• **EXERCISE DETAILS**
Copy out the entries that follow exactly, leaving out the pictures.

• **DATA EXCERPTS**

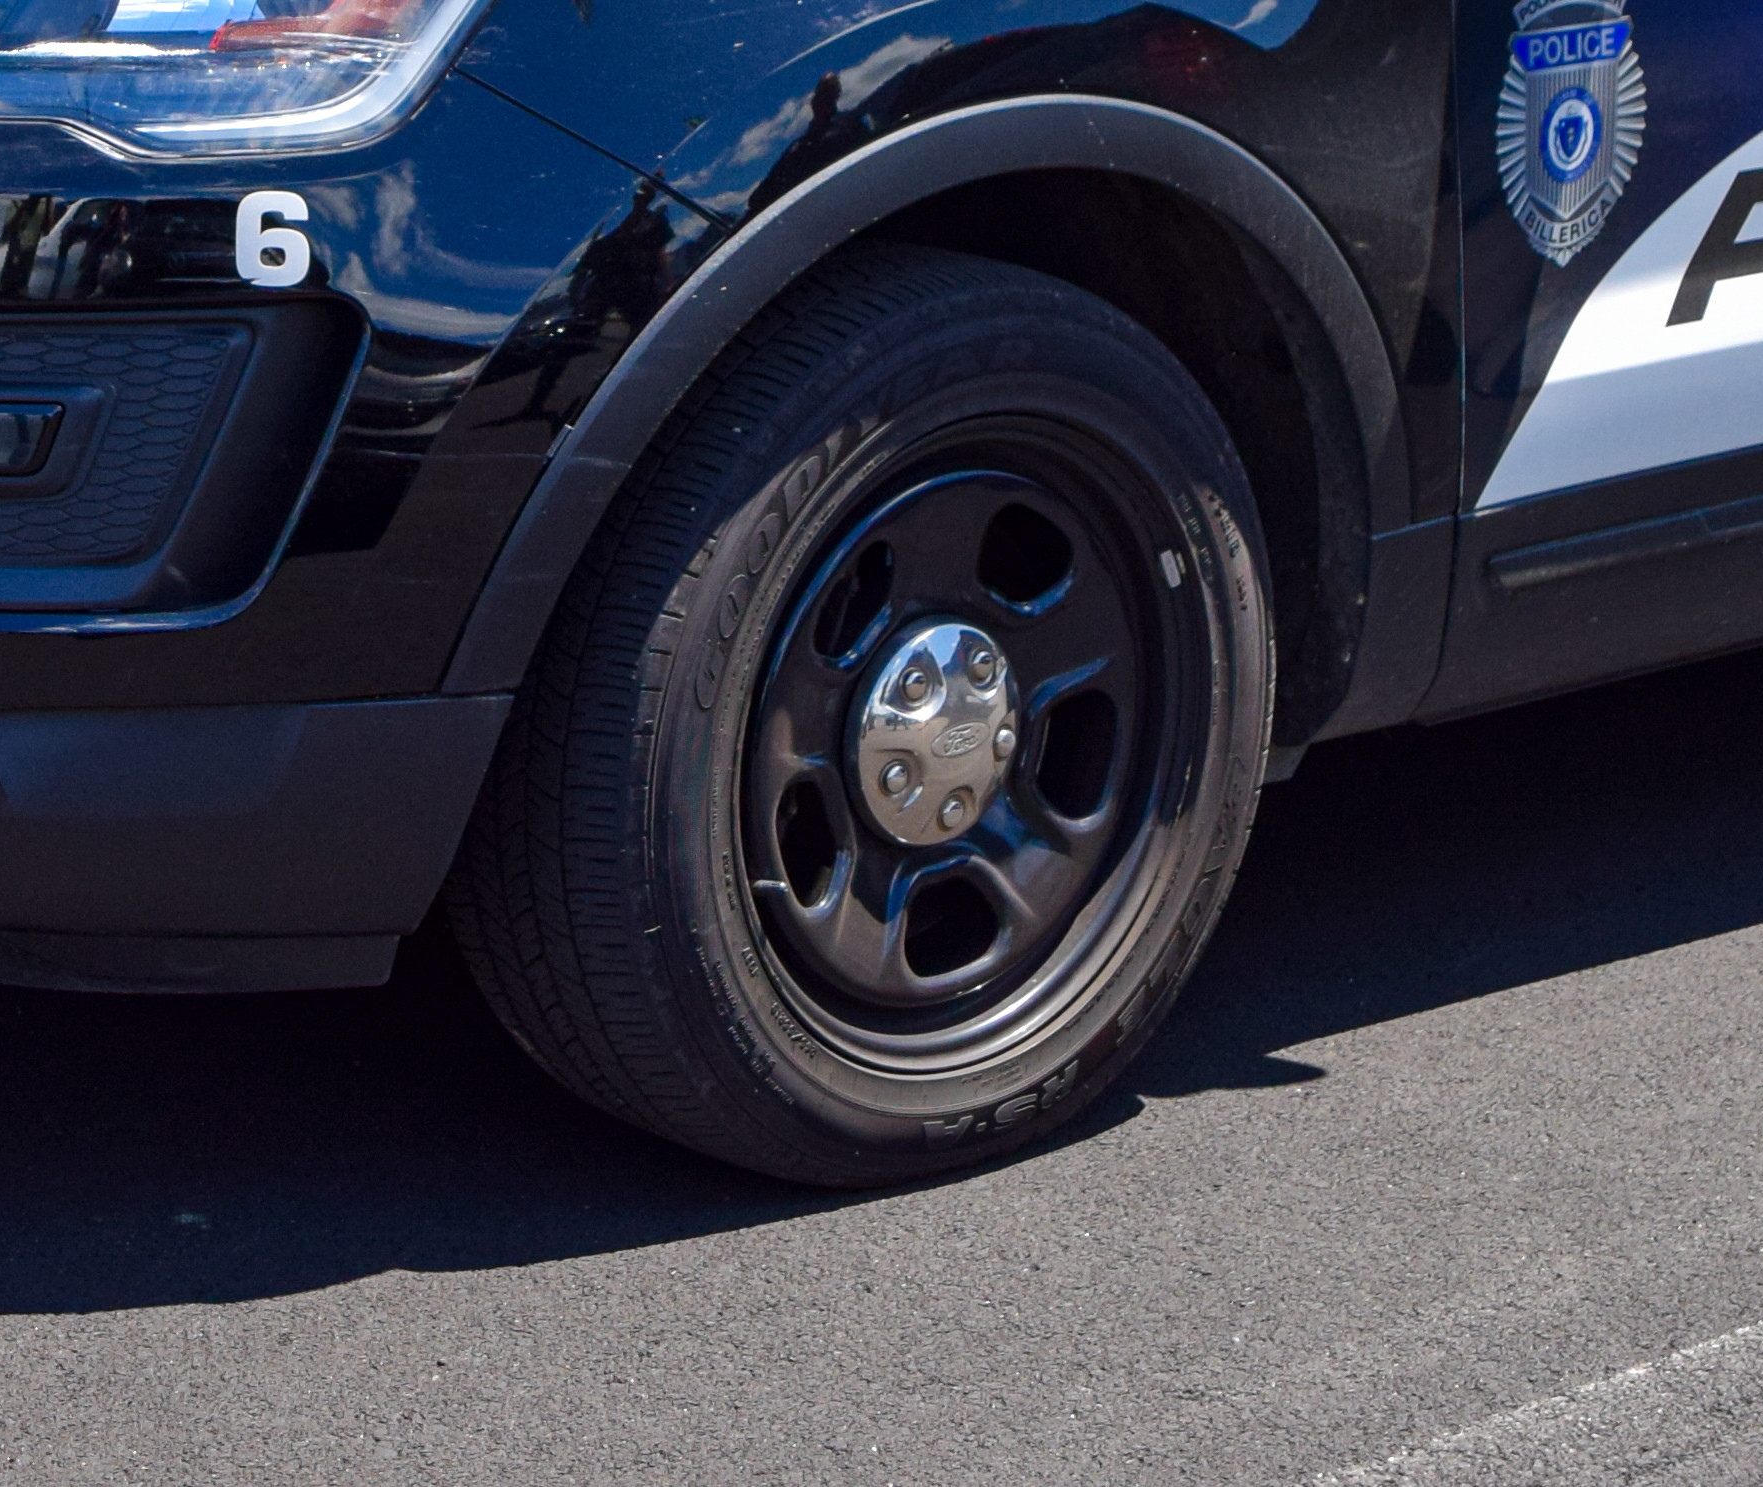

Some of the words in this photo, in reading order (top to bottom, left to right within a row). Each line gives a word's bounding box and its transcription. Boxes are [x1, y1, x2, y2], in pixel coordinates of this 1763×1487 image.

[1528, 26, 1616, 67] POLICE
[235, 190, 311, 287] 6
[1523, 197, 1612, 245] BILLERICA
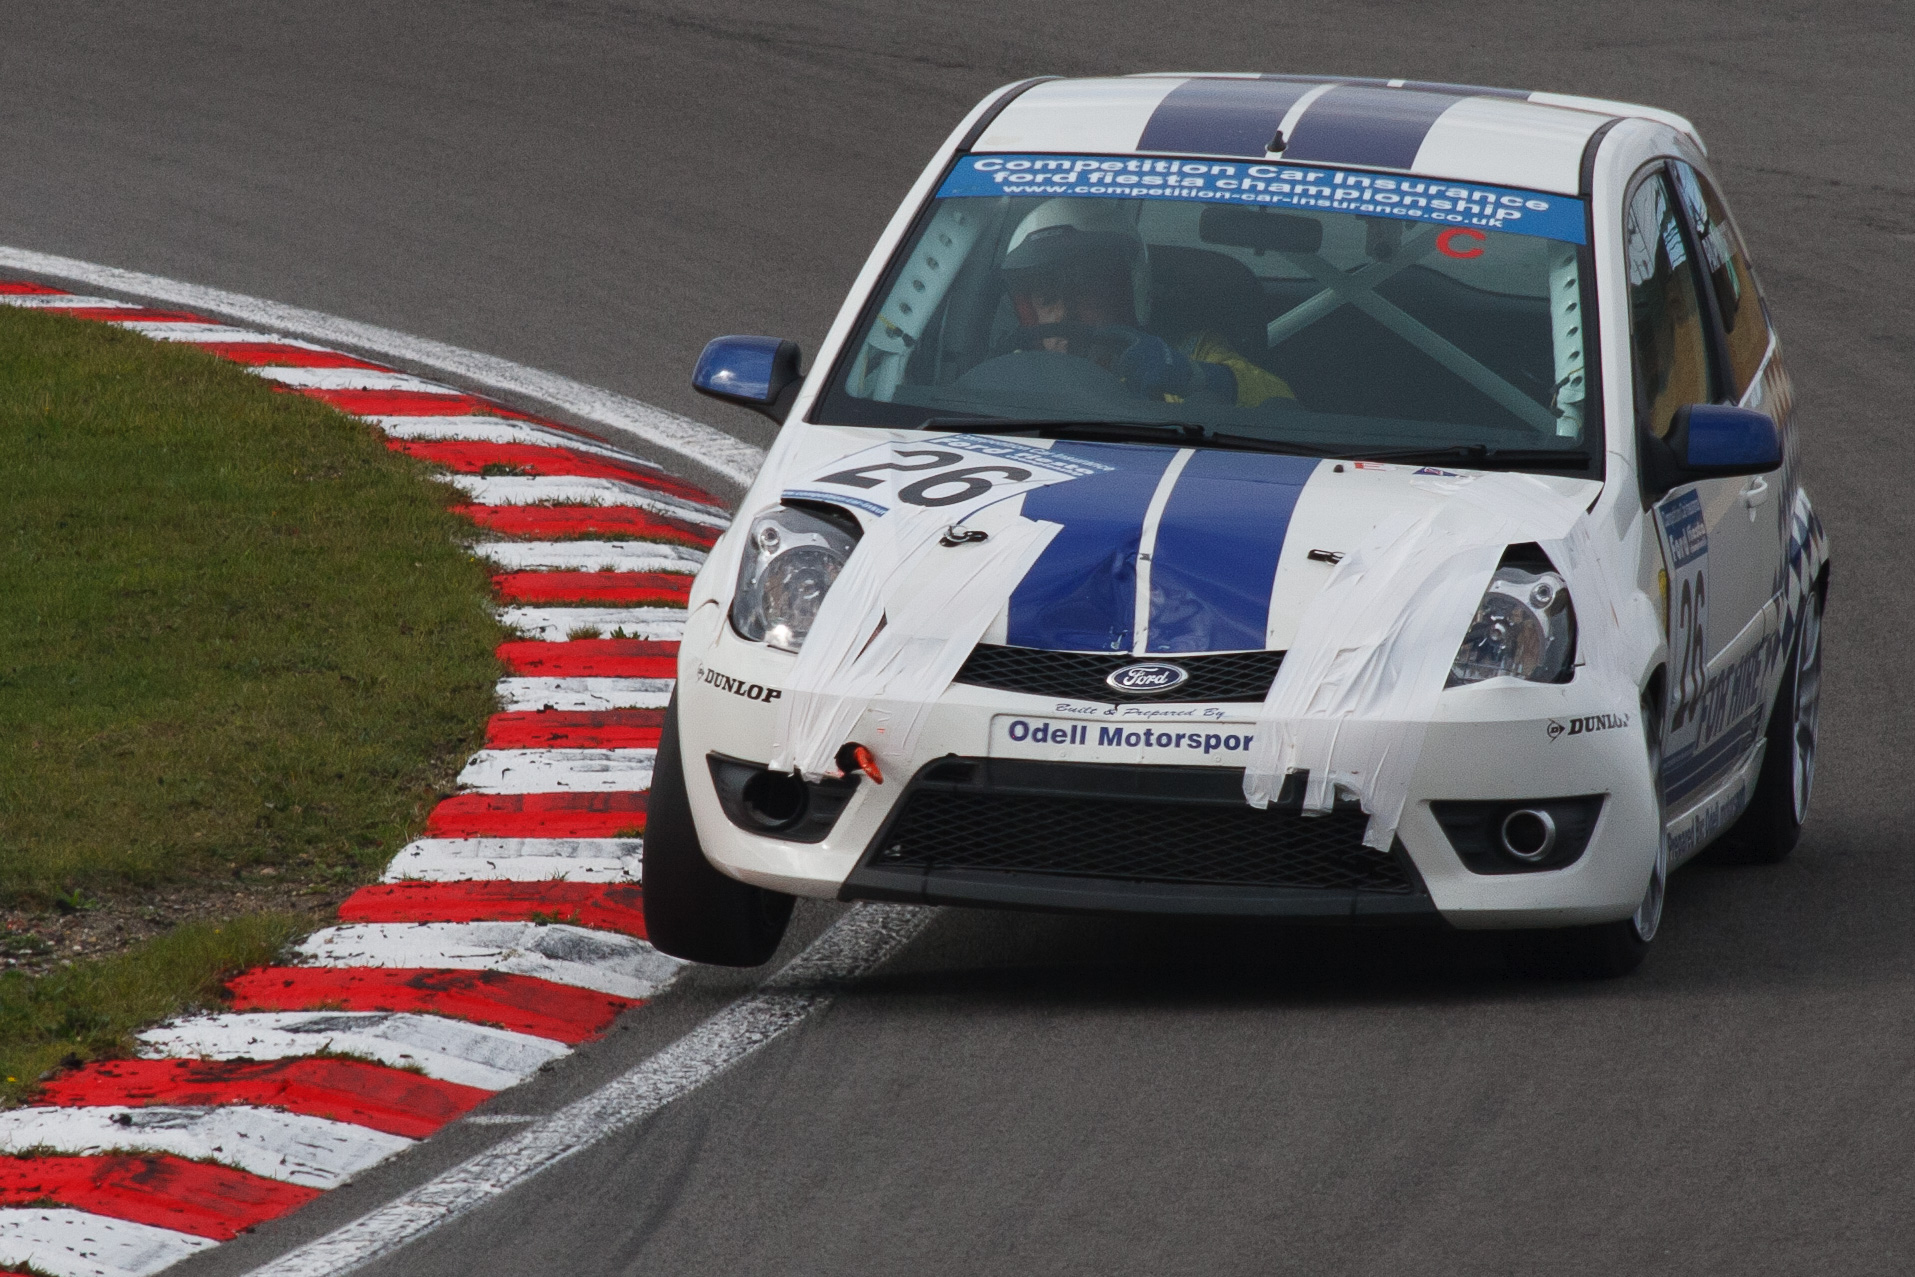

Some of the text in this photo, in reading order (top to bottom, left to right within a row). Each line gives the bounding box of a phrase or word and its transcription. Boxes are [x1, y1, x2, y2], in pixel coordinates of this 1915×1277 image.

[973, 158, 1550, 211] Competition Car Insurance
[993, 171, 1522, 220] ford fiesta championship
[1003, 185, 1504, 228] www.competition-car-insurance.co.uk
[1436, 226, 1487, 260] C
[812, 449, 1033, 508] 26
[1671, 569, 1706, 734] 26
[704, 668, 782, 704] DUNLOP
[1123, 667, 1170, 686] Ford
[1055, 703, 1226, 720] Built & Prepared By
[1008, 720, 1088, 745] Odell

• **ANSWER BOX**
Some of the words in this photo, in reading order (top to bottom, left to right within a row). Each line gives a word's bounding box and its transcription. Boxes are [x1, y1, x2, y2], in pixel coordinates of this 1763×1487 image.

[1528, 26, 1616, 67] POLICE
[235, 190, 311, 287] 6
[1523, 197, 1612, 245] BILLERICA

Some of the text in this photo, in reading order (top to bottom, left to right within a row). Each line gives the bounding box of a phrase or word and its transcription. Boxes are [x1, y1, x2, y2], in pixel coordinates of this 1915×1277 image.

[973, 158, 1550, 211] Competition Car Insurance
[993, 171, 1522, 220] ford fiesta championship
[1003, 185, 1504, 228] www.competition-car-insurance.co.uk
[1436, 226, 1487, 260] C
[812, 449, 1033, 508] 26
[1671, 569, 1706, 734] 26
[704, 668, 782, 704] DUNLOP
[1123, 667, 1170, 686] Ford
[1055, 703, 1226, 720] Built & Prepared By
[1008, 720, 1088, 745] Odell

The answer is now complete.